Extracted data entries:
········

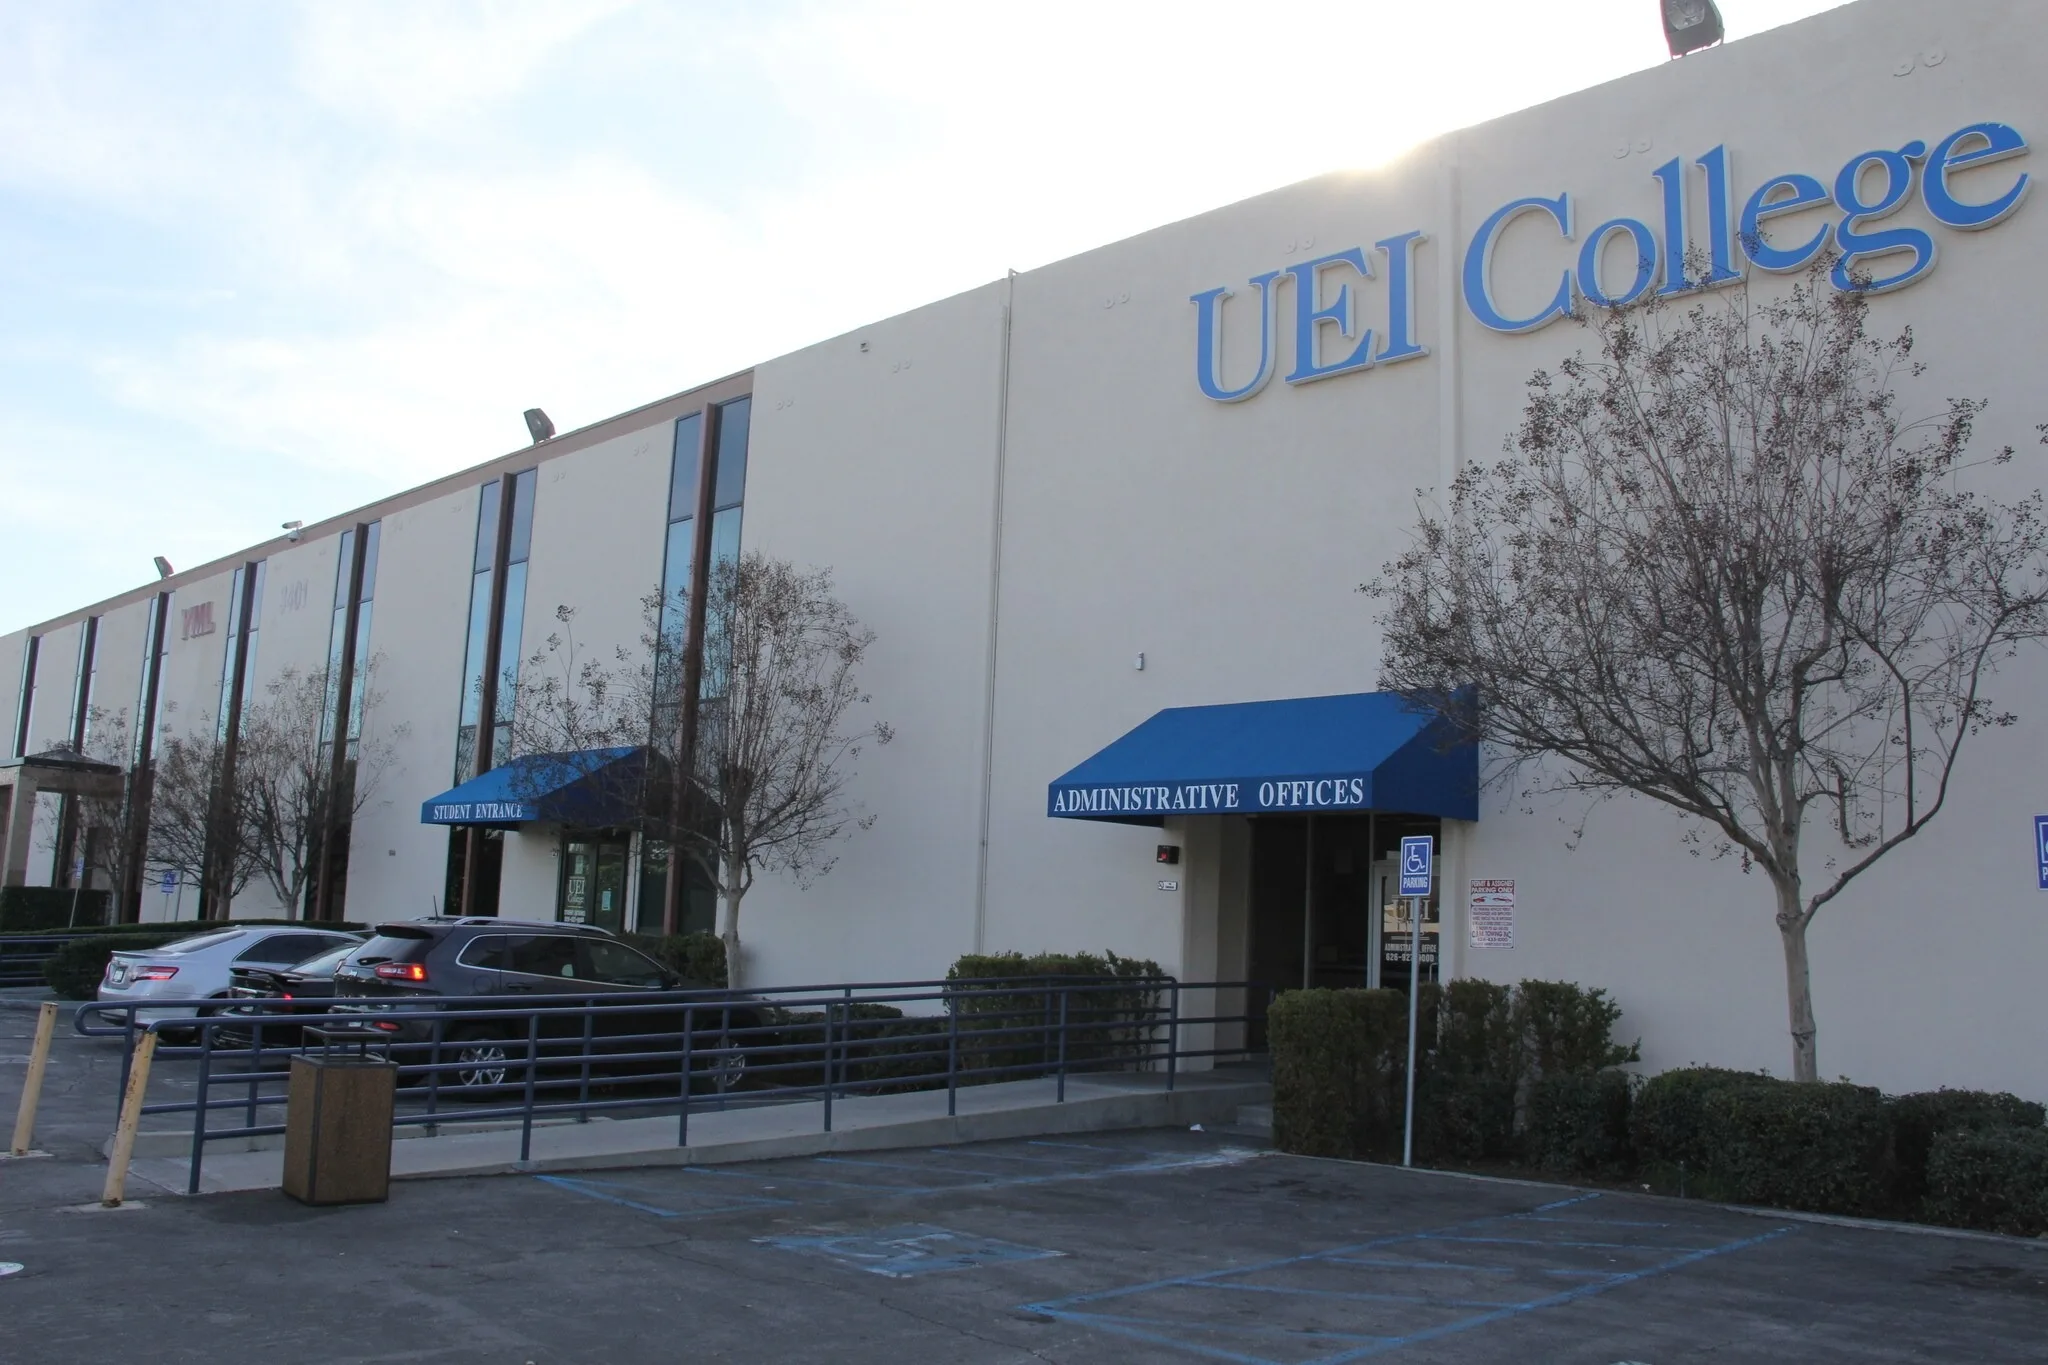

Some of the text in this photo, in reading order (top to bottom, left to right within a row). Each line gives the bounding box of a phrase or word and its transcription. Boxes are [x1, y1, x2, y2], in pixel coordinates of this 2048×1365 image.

[1189, 121, 2029, 402] UEI College
[1054, 778, 1364, 812] ADMINISTRATIVE OFFICES
[433, 802, 523, 820] STUDENT ENTRANCE
[568, 879, 585, 894] UEI
[1403, 877, 1428, 888] PARKING
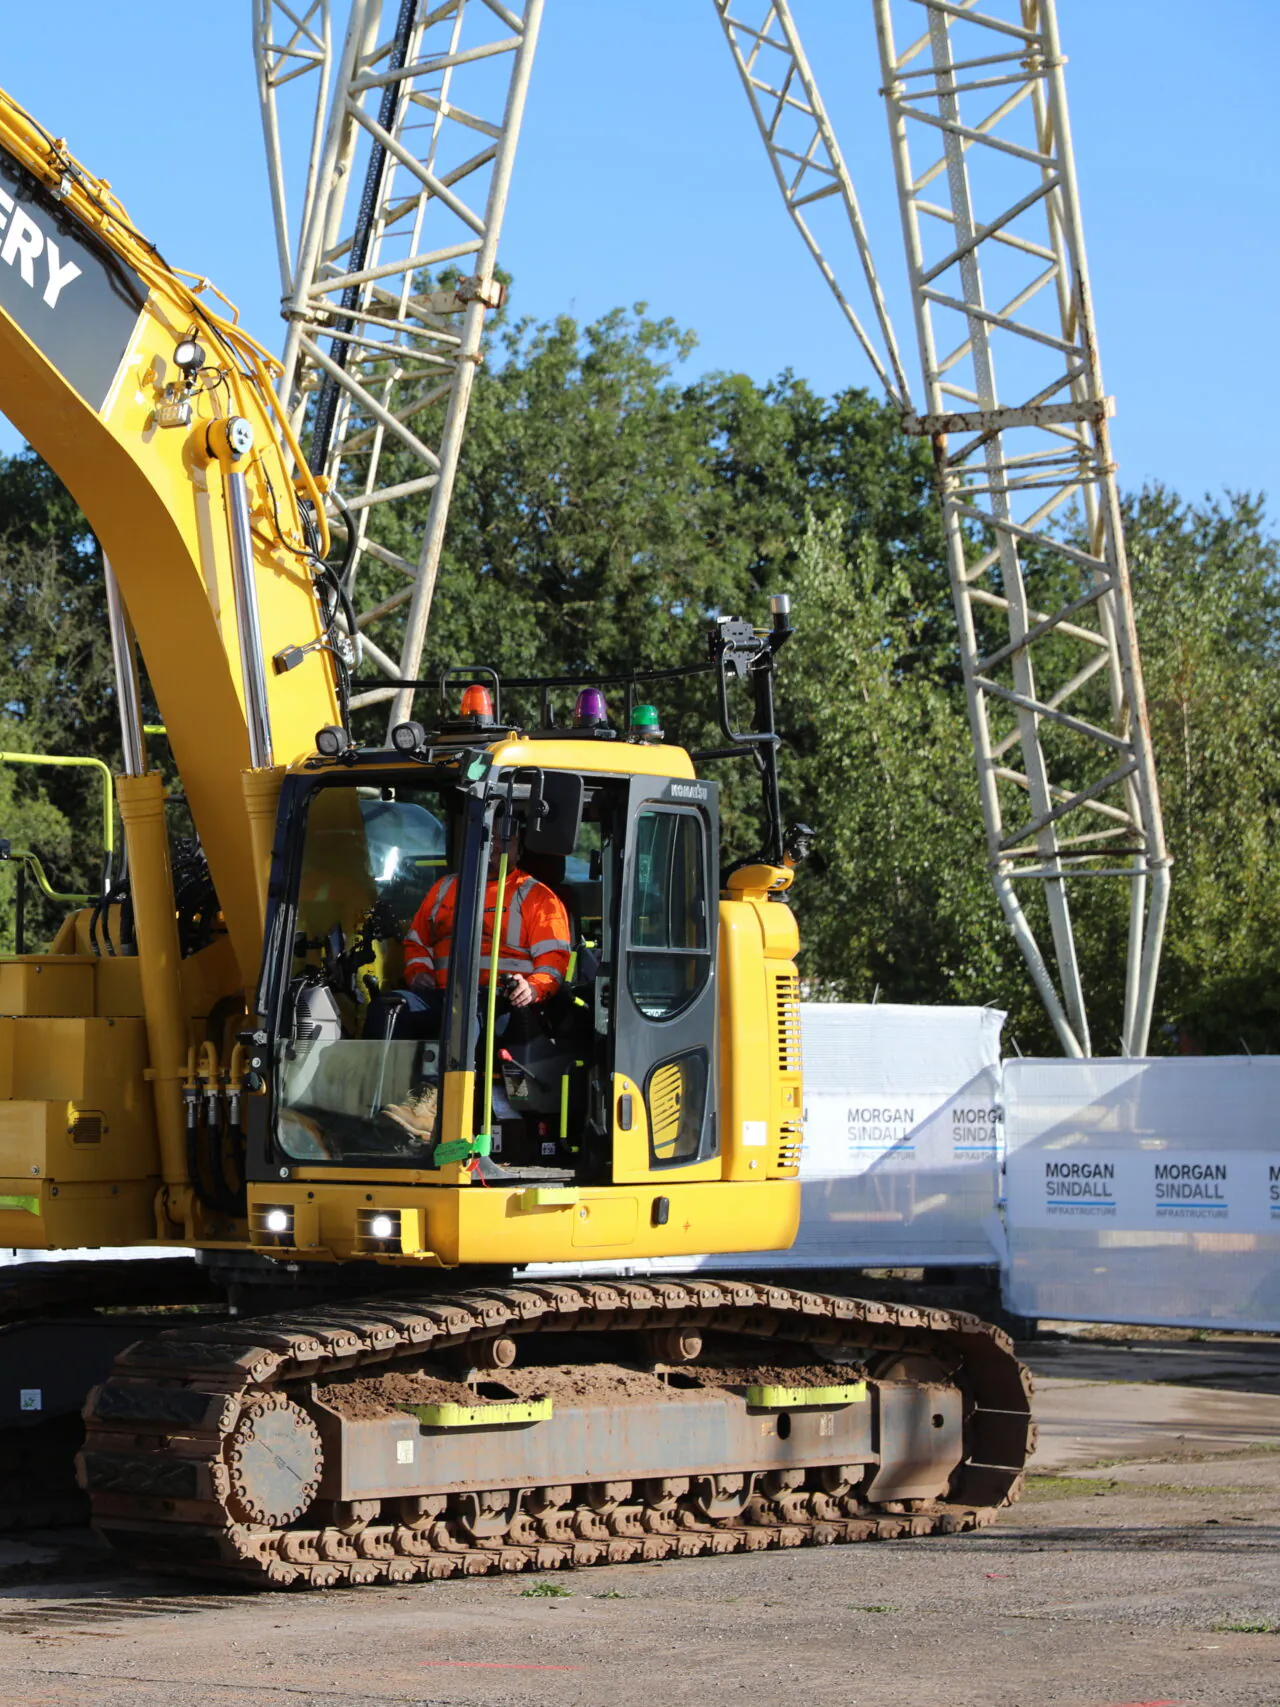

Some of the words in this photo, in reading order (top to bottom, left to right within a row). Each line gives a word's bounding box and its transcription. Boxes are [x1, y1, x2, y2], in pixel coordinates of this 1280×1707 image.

[847, 1107, 914, 1123] MORGAN
[847, 1126, 911, 1141] SINDALL
[1046, 1162, 1114, 1179] MORGAN
[1155, 1164, 1227, 1180] MORGAN
[1046, 1181, 1112, 1197] SINDALL
[1155, 1183, 1224, 1199] SINDALL
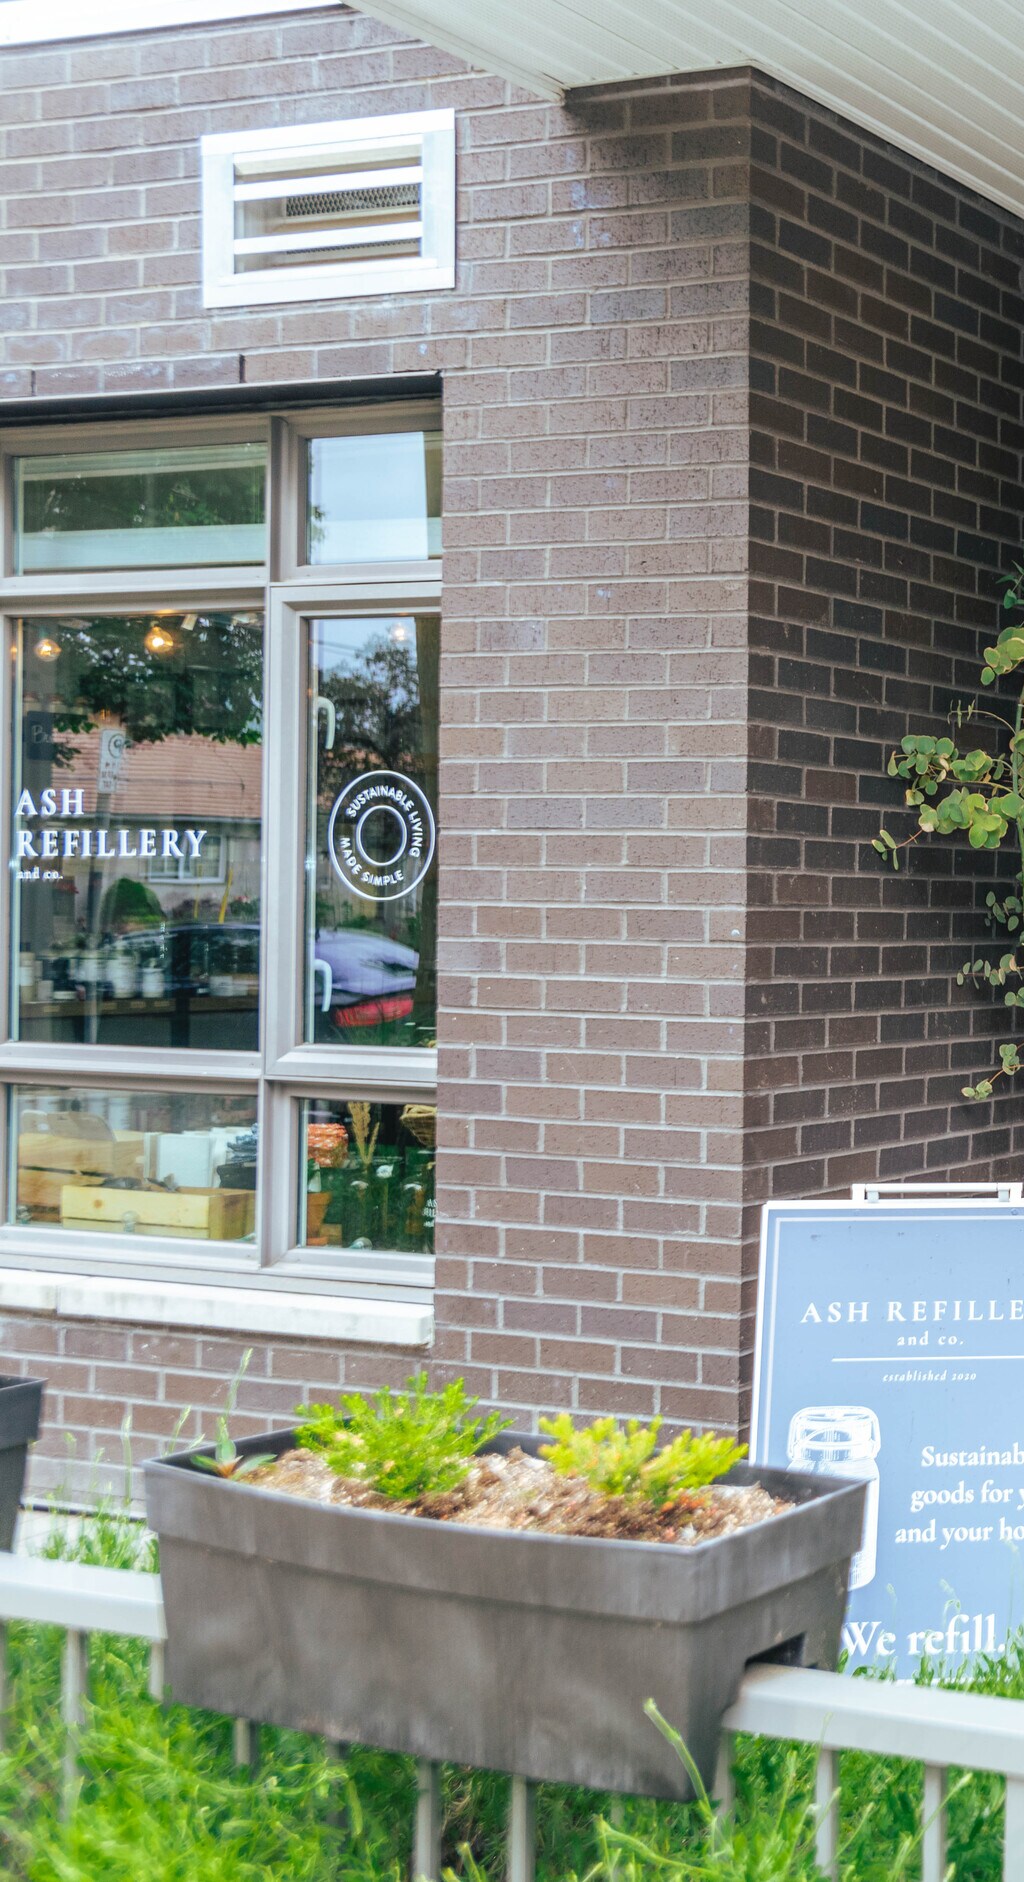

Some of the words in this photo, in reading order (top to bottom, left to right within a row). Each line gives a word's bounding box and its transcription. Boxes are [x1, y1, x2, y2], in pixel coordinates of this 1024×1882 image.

········

Exercise description:
Each record must appear again exactly as written above, without its pictures.

Output of the task:
Some of the text in this photo, in reading order (top to bottom, left to right within a row). Each line gives the bounding box of a phrase or word and its transcription. Boxes are [x1, y1, x2, y2], in pixel coordinates of this 2048×1365 image.

[1189, 121, 2029, 402] UEI College
[1054, 778, 1364, 812] ADMINISTRATIVE OFFICES
[433, 802, 523, 820] STUDENT ENTRANCE
[568, 879, 585, 894] UEI
[1403, 877, 1428, 888] PARKING

Some of the words in this photo, in reading order (top to bottom, left to right within a row). Each line gives a word's bounding box and its transcription. Boxes are [x1, y1, x2, y2], in pixel coordinates of this 1280×1707 image.

[847, 1107, 914, 1123] MORGAN
[847, 1126, 911, 1141] SINDALL
[1046, 1162, 1114, 1179] MORGAN
[1155, 1164, 1227, 1180] MORGAN
[1046, 1181, 1112, 1197] SINDALL
[1155, 1183, 1224, 1199] SINDALL

Some of the words in this photo, in reading order (top to bottom, left to right within a row). Each line gives a word's bounding box and its transcription. Boxes are [x1, y1, x2, y2], in pixel coordinates of this 1024×1882 image.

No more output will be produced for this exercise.